*** Opening of Exercise inputs ***
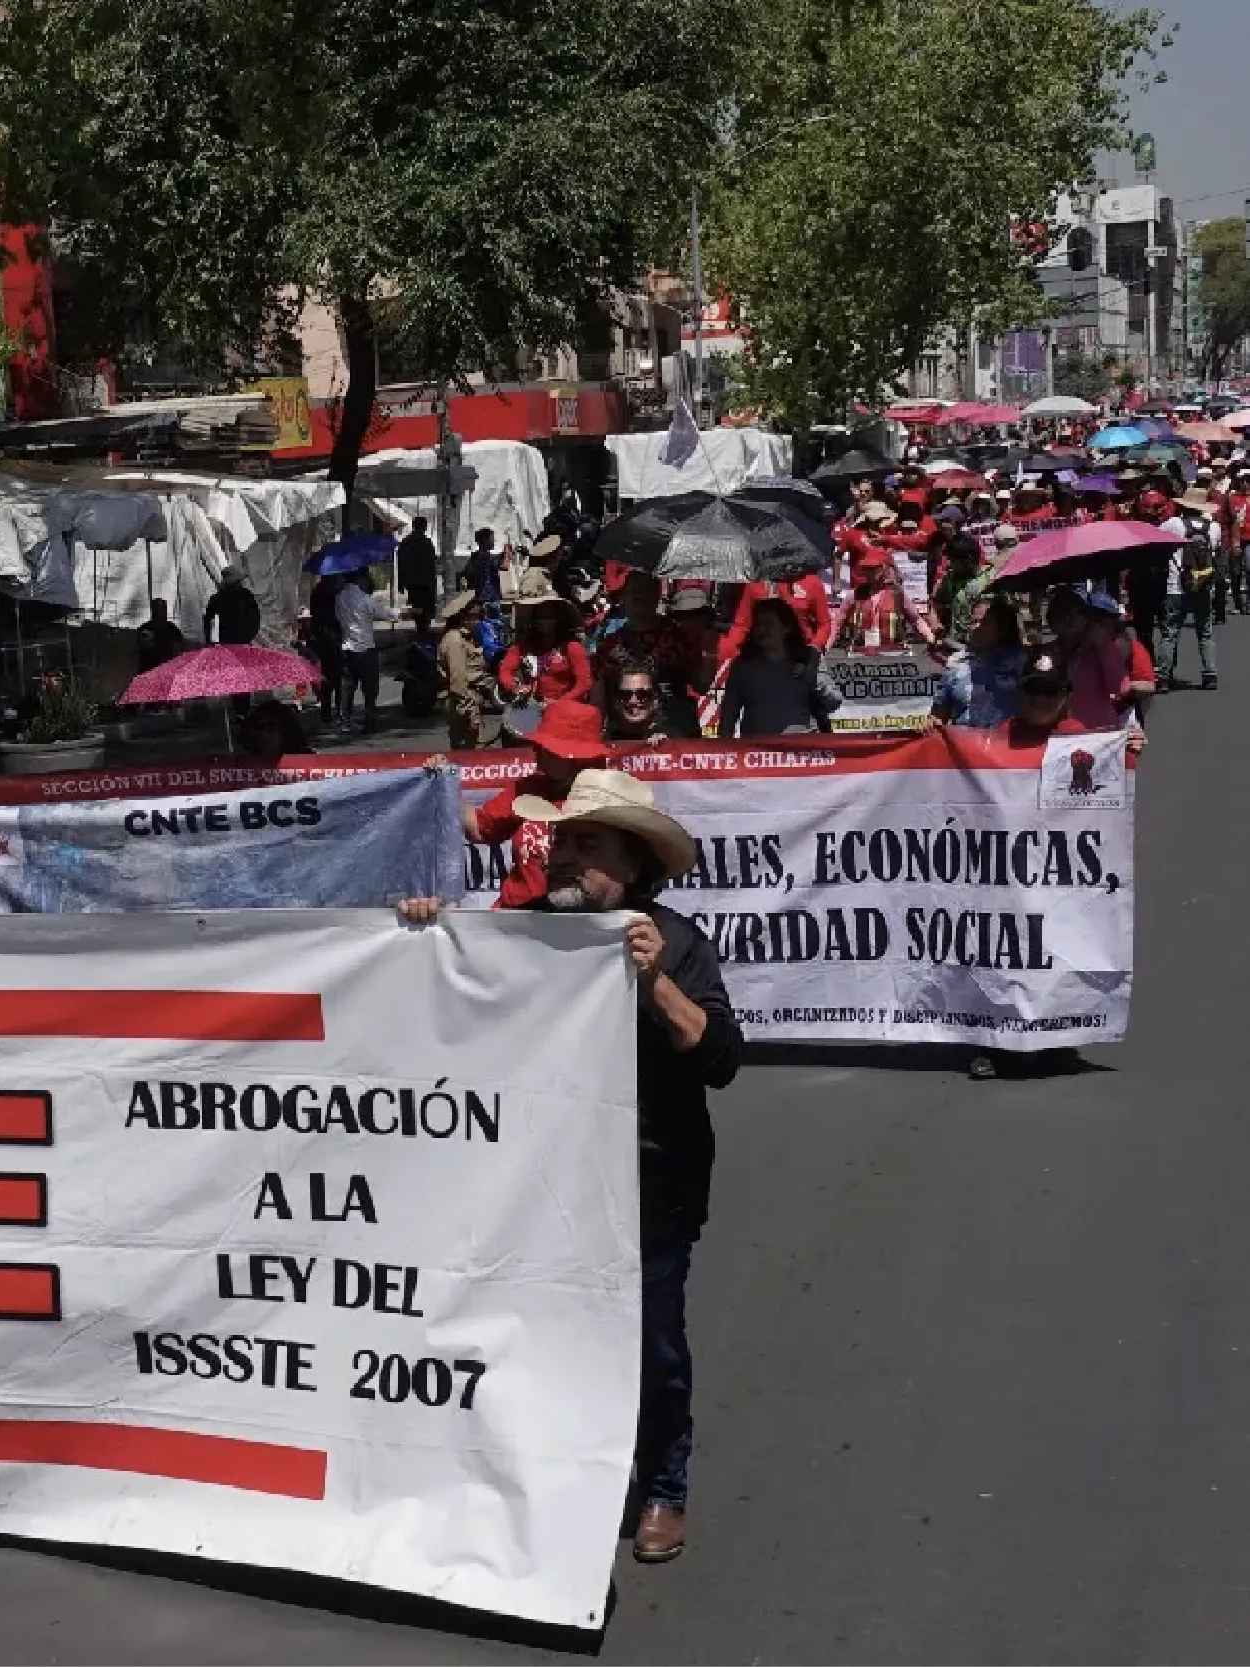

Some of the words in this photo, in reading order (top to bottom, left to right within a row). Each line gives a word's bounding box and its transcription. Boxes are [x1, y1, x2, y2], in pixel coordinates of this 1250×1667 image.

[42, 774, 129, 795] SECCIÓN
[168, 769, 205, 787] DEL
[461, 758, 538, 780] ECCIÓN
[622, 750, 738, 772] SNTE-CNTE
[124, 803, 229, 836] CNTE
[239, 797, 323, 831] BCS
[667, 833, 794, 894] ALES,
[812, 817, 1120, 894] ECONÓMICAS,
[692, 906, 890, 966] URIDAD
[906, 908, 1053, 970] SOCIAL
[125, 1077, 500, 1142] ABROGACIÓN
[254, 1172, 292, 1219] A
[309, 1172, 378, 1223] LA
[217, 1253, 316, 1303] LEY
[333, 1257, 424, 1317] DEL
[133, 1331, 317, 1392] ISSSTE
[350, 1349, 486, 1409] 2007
*** Close of Exercise inputs ***
● Assigned task
Restate the entries verbatim, without pictures.

● Exercise response
Some of the words in this photo, in reading order (top to bottom, left to right within a row). Each line gives a word's bounding box and its transcription. Boxes are [x1, y1, x2, y2], in pixel coordinates of this 1250×1667 image.

[42, 774, 129, 795] SECCIÓN
[168, 769, 205, 787] DEL
[461, 758, 538, 780] ECCIÓN
[622, 750, 738, 772] SNTE-CNTE
[124, 803, 229, 836] CNTE
[239, 797, 323, 831] BCS
[667, 833, 794, 894] ALES,
[812, 817, 1120, 894] ECONÓMICAS,
[692, 906, 890, 966] URIDAD
[906, 908, 1053, 970] SOCIAL
[125, 1077, 500, 1142] ABROGACIÓN
[254, 1172, 292, 1219] A
[309, 1172, 378, 1223] LA
[217, 1253, 316, 1303] LEY
[333, 1257, 424, 1317] DEL
[133, 1331, 317, 1392] ISSSTE
[350, 1349, 486, 1409] 2007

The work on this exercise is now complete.